So, here’s the deal. There used to be a provision whereby the state could recuperate funds spent on a Medicaid patient post-55 years old from whatever assets he owned. So, a low-income individual in nursing home care after age 55 might pass away and his kids would find out the family home or car of whatever he had to his name had to be bought back from the state if they wanted it. It’s called estate recovery, and sounds pretty shady if it’s not boldly advertised as the terms for Medicaid enrollment, which is most definitely is not.
Before the Affordable Care Act’s Medicaid expansion, there weren’t that many people in Medicaid who had much in the way of assets for seizing. But now that Medicaid enrollment requirements have been relaxed, more people with assets but low income are joining the program or being forced into it. For instance, a couple in their 50s who, say, retired early after losing jobs in the bad economy may have assets but show a very low income. Under Obamacare, if their income is low enough to qualify for Medicaid, they must enroll in Medicaid unless they want to buy totally unsubsidized coverage in the now-inflated individual market.

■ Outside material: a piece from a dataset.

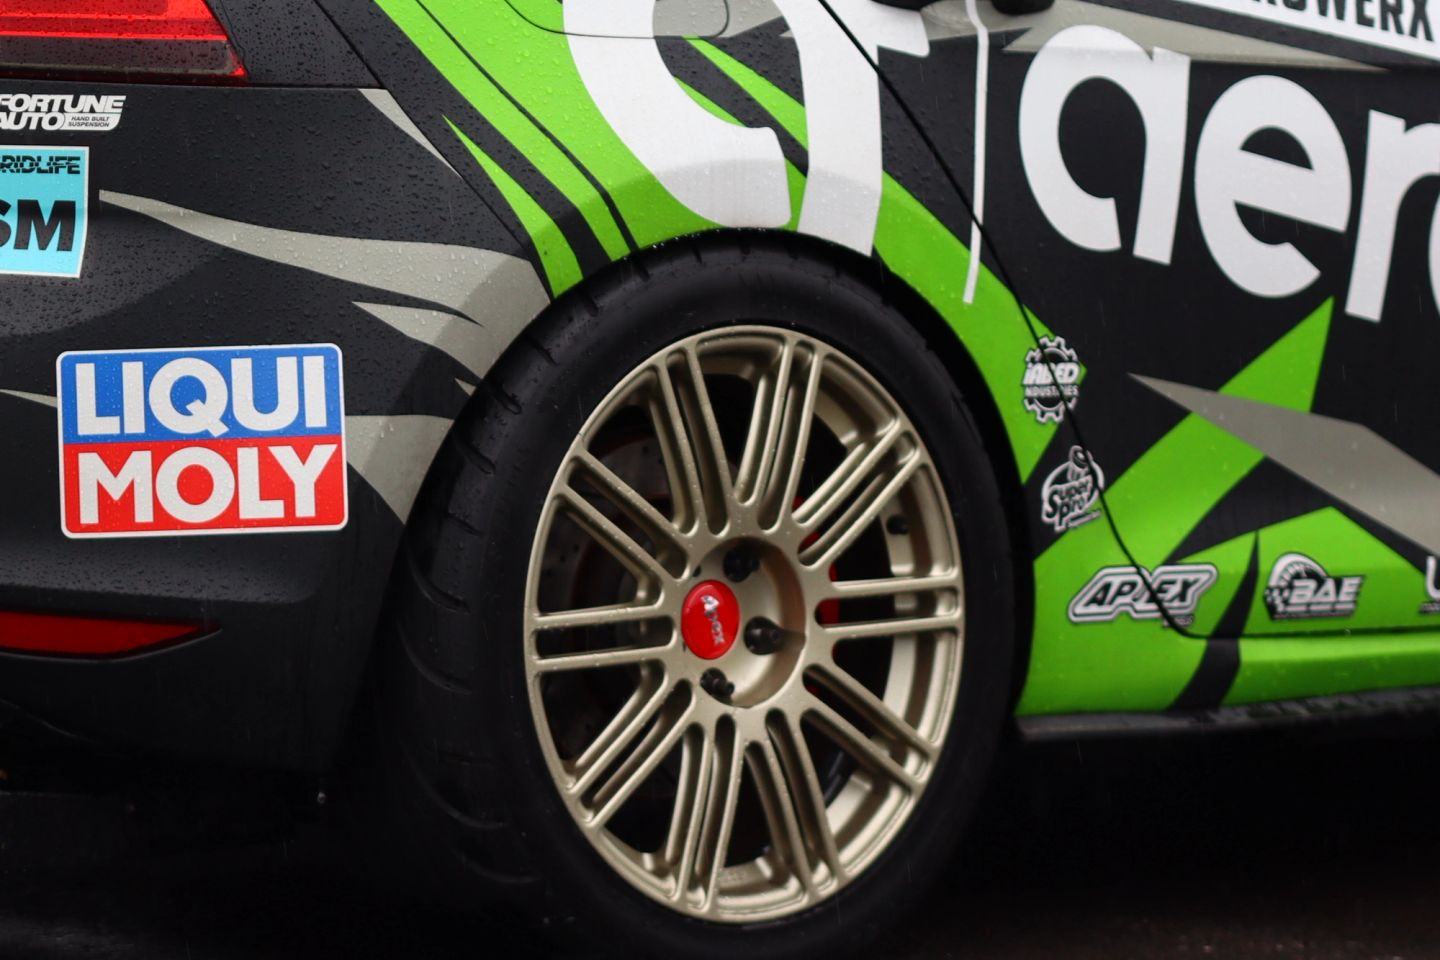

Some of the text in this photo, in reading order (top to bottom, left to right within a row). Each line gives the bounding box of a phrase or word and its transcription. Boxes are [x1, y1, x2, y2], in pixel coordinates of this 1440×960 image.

[1018, 24, 1440, 323] aer
[75, 355, 327, 438] LIQUI
[78, 444, 338, 525] MOLY
[1288, 576, 1364, 603] BAE

This website has a 50 state look at Medicaid expansion, This US Department of Health and Human Services website spells out the 1993 Estate Recovery Mandate, and here’s another website explaining how this works under the Affordable Care Act of 2010.
I love how the mandate is so ambiguous and open-ended; they can recover costs: “At State option, any other items covered by the Medicaid State Plan.” Any other items. Nice.